Loskutova and colleagues reported that the AAFP ADHD Adult Toolkit improved the knowledge of health care providers midway through the study versus baseline in areas related to treatment effects. , adverse events and outcomes (3.6 vs 3; P = .004); existing resources for ADHD (3.3 vs. 2.9; P = .03); and management of ADHD in patients with co-morbidities (3.2 vs 2.7; P = .01).

At the end of the study, use of the toolkit was linked to increased confidence in mental health and life history interview techniques (3.5 vs. 3; P = .03); treatment options for ADHD with coexisting mental health disorders (3.2 vs 2.3; P .001) and treatment options for ADHD with coexisting substance use disorders (3 vs. 2.3; P = .003).

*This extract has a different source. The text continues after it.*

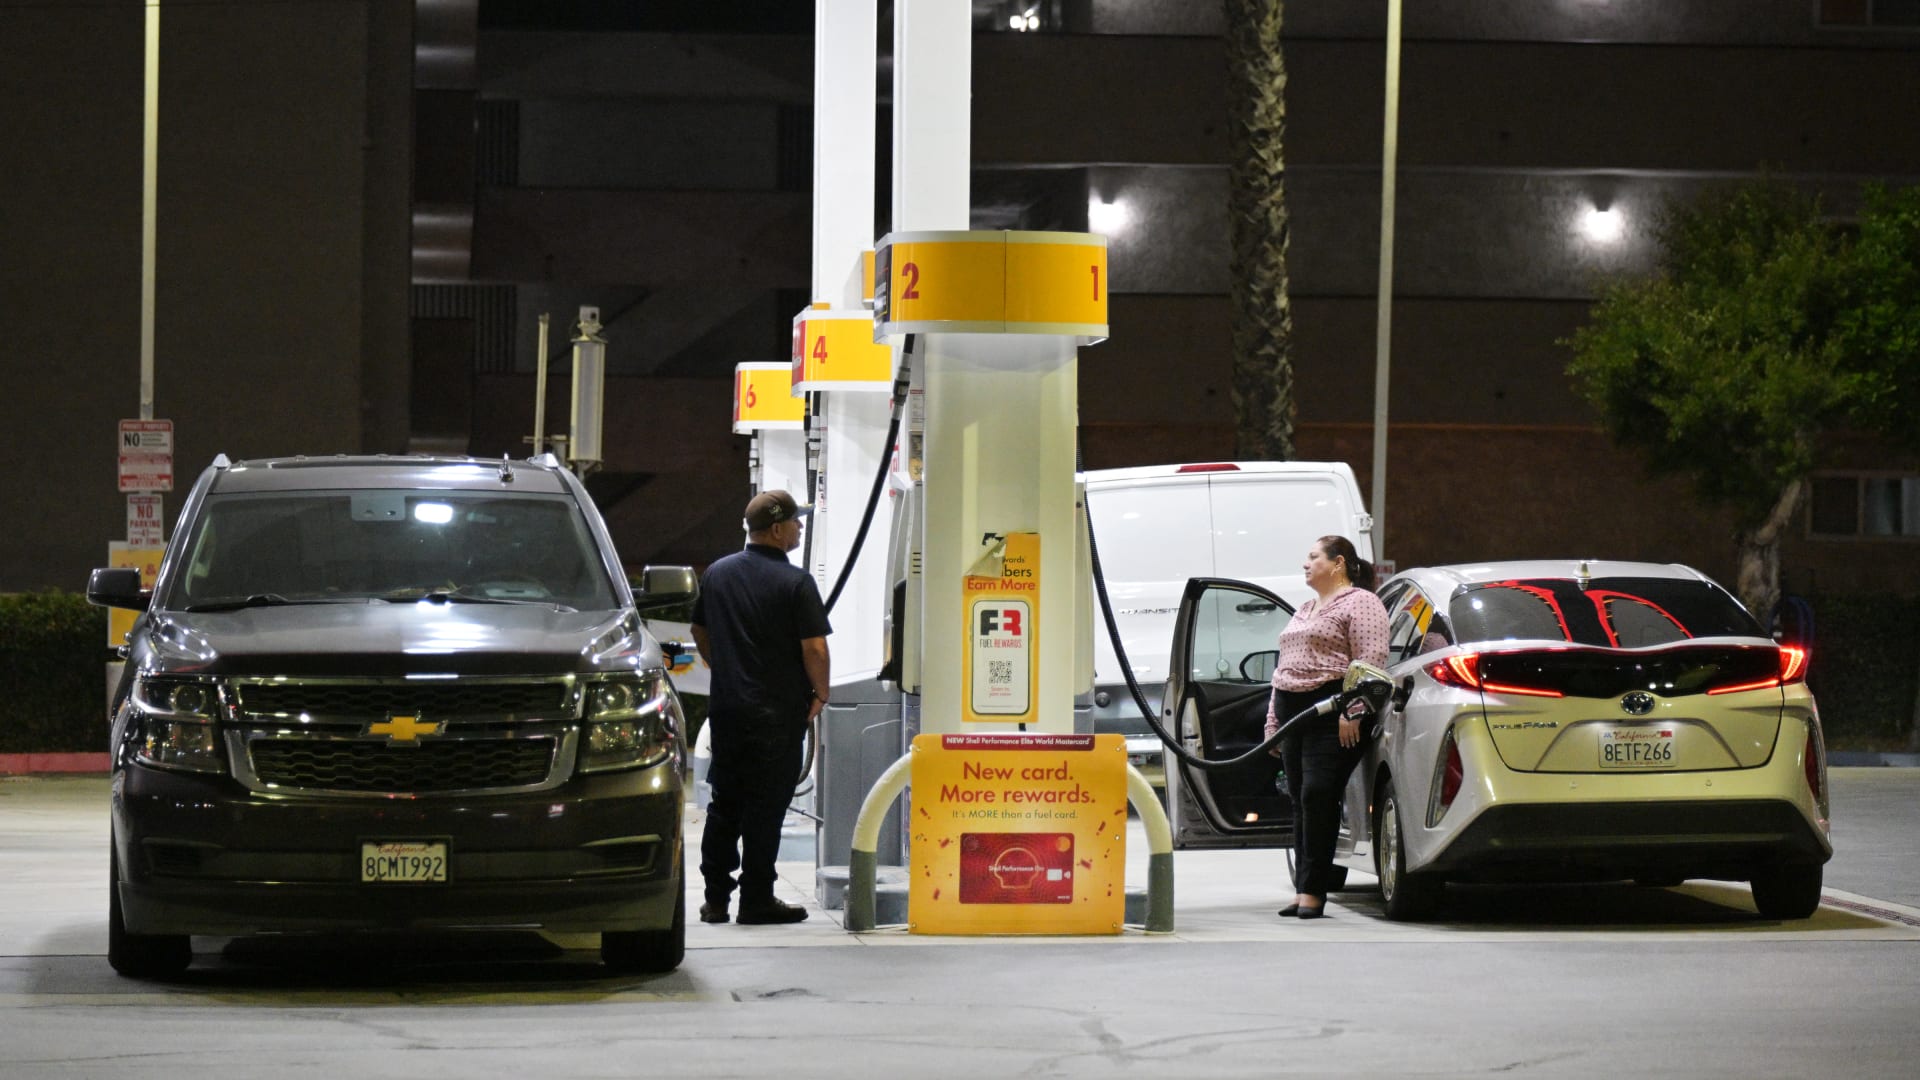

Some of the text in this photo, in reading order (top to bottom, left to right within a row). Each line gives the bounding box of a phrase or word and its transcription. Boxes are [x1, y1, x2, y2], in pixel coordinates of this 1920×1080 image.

Additionally, 87% of healthcare providers said the toolkit met most of their needs related to the diagnosis, treatment and management of ADHD in adults.

Some of the limitations of the study were its short window for implementation and the fact that 63% of providers said they had seen no ADHD patients during the study period, according to the researchers. Yet they concluded that “the online toolkit is an effective strategy for providing vital information to practicing clinicians and their patients”.

“PCPs and their patients will also benefit from additional relevant education and a range of resources readily available at the point of care,” wrote Loskutova and her colleagues.